** Opening Input data block **

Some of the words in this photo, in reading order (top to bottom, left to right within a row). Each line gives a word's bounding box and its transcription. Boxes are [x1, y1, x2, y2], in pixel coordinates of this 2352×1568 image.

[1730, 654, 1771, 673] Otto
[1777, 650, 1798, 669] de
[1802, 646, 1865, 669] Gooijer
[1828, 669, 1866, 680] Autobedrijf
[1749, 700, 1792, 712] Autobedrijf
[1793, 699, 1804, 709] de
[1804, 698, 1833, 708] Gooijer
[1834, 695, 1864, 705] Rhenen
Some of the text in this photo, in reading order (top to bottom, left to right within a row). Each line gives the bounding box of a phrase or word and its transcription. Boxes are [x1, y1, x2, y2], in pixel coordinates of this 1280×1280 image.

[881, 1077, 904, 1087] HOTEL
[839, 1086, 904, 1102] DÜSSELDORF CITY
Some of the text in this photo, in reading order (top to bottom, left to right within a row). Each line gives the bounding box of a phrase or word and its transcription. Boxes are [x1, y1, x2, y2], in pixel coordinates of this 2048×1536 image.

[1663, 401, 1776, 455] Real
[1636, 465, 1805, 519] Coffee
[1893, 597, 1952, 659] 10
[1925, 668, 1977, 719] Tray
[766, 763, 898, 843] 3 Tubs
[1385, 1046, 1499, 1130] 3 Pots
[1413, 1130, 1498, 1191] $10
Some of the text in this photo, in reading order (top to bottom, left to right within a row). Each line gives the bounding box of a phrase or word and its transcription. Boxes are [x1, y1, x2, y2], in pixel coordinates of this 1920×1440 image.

** Closing Input data block **

◆ Instructions for the task: Write the entries above out again. Match them exactly.

◆ Solution below:
Some of the words in this photo, in reading order (top to bottom, left to right within a row). Each line gives a word's bounding box and its transcription. Boxes are [x1, y1, x2, y2], in pixel coordinates of this 2352×1568 image.

[1730, 654, 1771, 673] Otto
[1777, 650, 1798, 669] de
[1802, 646, 1865, 669] Gooijer
[1828, 669, 1866, 680] Autobedrijf
[1749, 700, 1792, 712] Autobedrijf
[1793, 699, 1804, 709] de
[1804, 698, 1833, 708] Gooijer
[1834, 695, 1864, 705] Rhenen
Some of the text in this photo, in reading order (top to bottom, left to right within a row). Each line gives the bounding box of a phrase or word and its transcription. Boxes are [x1, y1, x2, y2], in pixel coordinates of this 1280×1280 image.

[881, 1077, 904, 1087] HOTEL
[839, 1086, 904, 1102] DÜSSELDORF CITY
Some of the text in this photo, in reading order (top to bottom, left to right within a row). Each line gives the bounding box of a phrase or word and its transcription. Boxes are [x1, y1, x2, y2], in pixel coordinates of this 2048×1536 image.

[1663, 401, 1776, 455] Real
[1636, 465, 1805, 519] Coffee
[1893, 597, 1952, 659] 10
[1925, 668, 1977, 719] Tray
[766, 763, 898, 843] 3 Tubs
[1385, 1046, 1499, 1130] 3 Pots
[1413, 1130, 1498, 1191] $10
Some of the text in this photo, in reading order (top to bottom, left to right within a row). Each line gives the bounding box of a phrase or word and its transcription. Boxes are [x1, y1, x2, y2], in pixel coordinates of this 1920×1440 image.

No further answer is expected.